Provided data: Begin

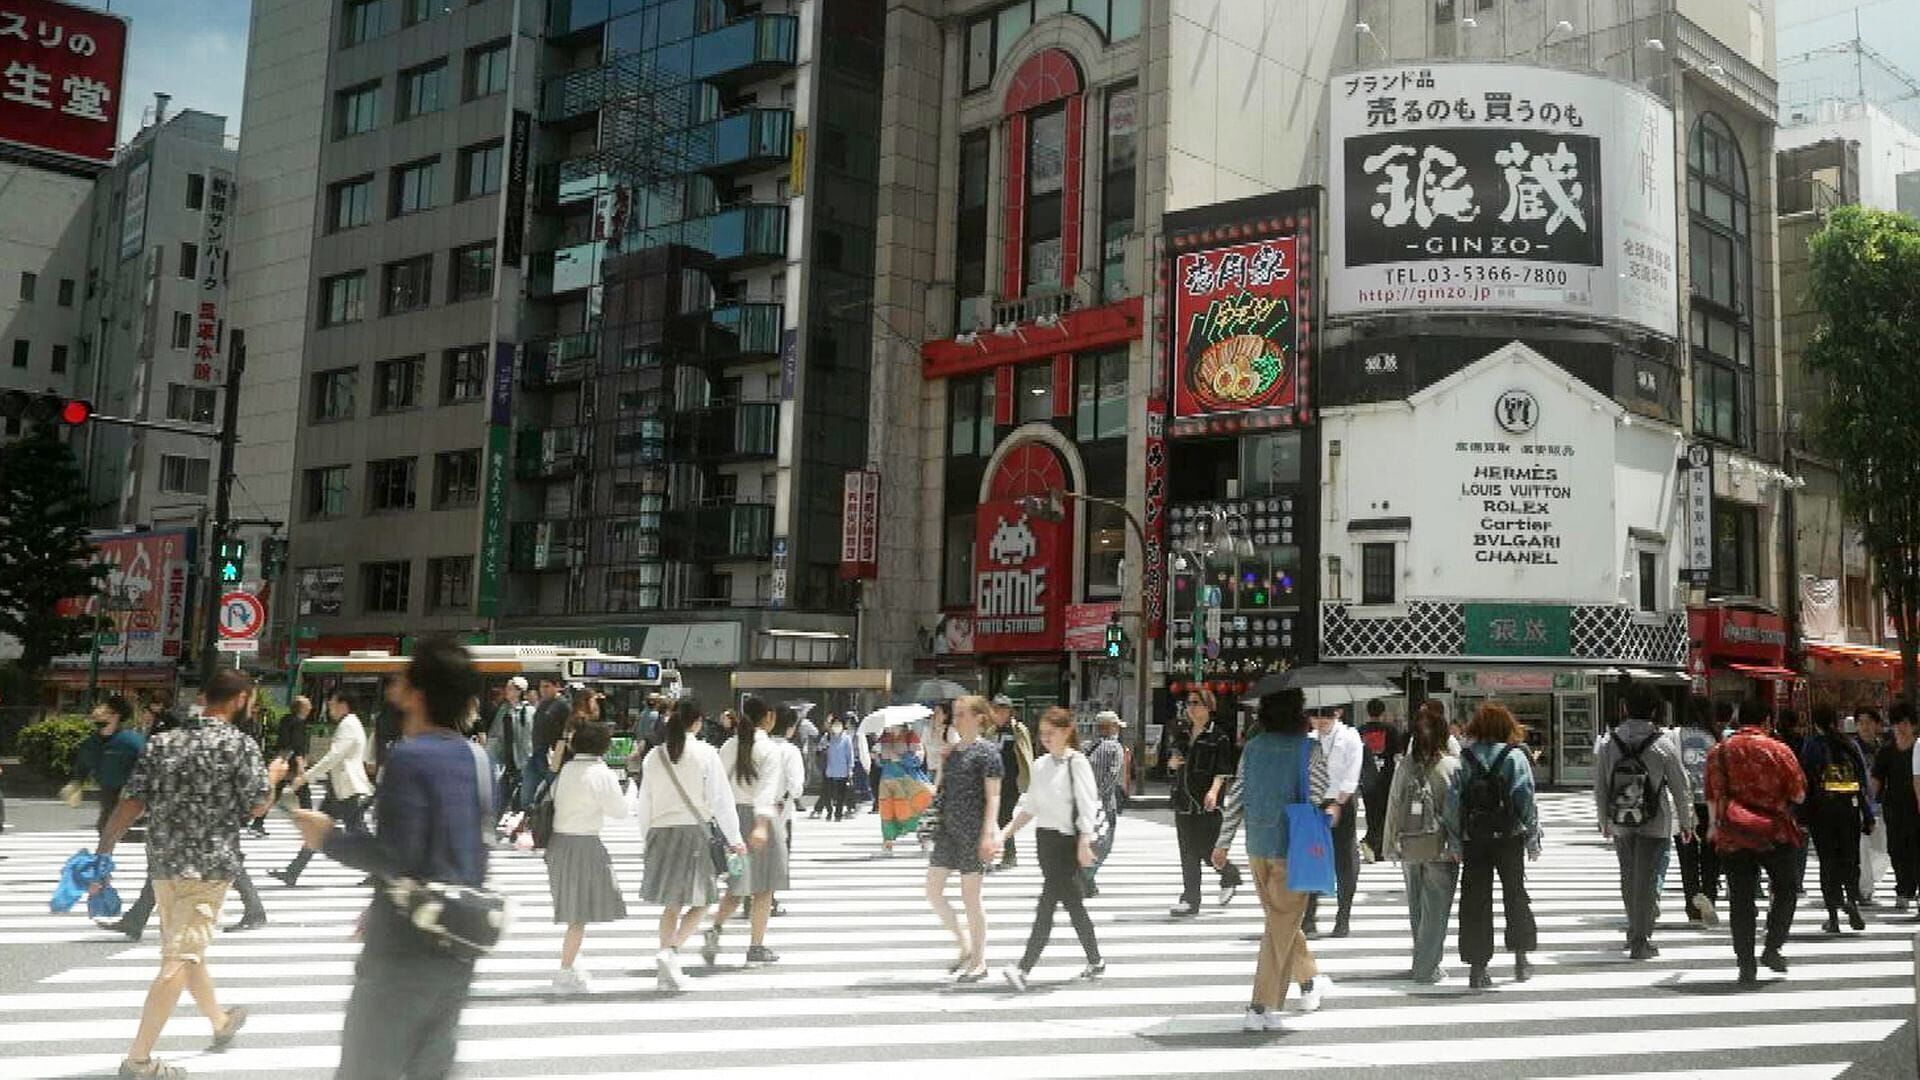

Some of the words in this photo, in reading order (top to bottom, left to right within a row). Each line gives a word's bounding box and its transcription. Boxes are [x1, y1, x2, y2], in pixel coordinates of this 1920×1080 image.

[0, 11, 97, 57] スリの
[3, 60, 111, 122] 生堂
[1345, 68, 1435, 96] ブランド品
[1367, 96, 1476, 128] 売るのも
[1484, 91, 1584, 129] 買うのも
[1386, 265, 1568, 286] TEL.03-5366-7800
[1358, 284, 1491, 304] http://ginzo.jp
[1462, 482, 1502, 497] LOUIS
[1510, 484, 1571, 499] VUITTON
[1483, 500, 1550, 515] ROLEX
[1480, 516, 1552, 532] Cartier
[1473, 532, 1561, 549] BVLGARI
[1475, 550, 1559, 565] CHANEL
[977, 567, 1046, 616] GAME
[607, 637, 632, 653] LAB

Provided data: End

## Description of the task
Retype the data word for word, please, and keep the images out.

## Written solution
Some of the words in this photo, in reading order (top to bottom, left to right within a row). Each line gives a word's bounding box and its transcription. Boxes are [x1, y1, x2, y2], in pixel coordinates of this 1920×1080 image.

[0, 11, 97, 57] スリの
[3, 60, 111, 122] 生堂
[1345, 68, 1435, 96] ブランド品
[1367, 96, 1476, 128] 売るのも
[1484, 91, 1584, 129] 買うのも
[1386, 265, 1568, 286] TEL.03-5366-7800
[1358, 284, 1491, 304] http://ginzo.jp
[1462, 482, 1502, 497] LOUIS
[1510, 484, 1571, 499] VUITTON
[1483, 500, 1550, 515] ROLEX
[1480, 516, 1552, 532] Cartier
[1473, 532, 1561, 549] BVLGARI
[1475, 550, 1559, 565] CHANEL
[977, 567, 1046, 616] GAME
[607, 637, 632, 653] LAB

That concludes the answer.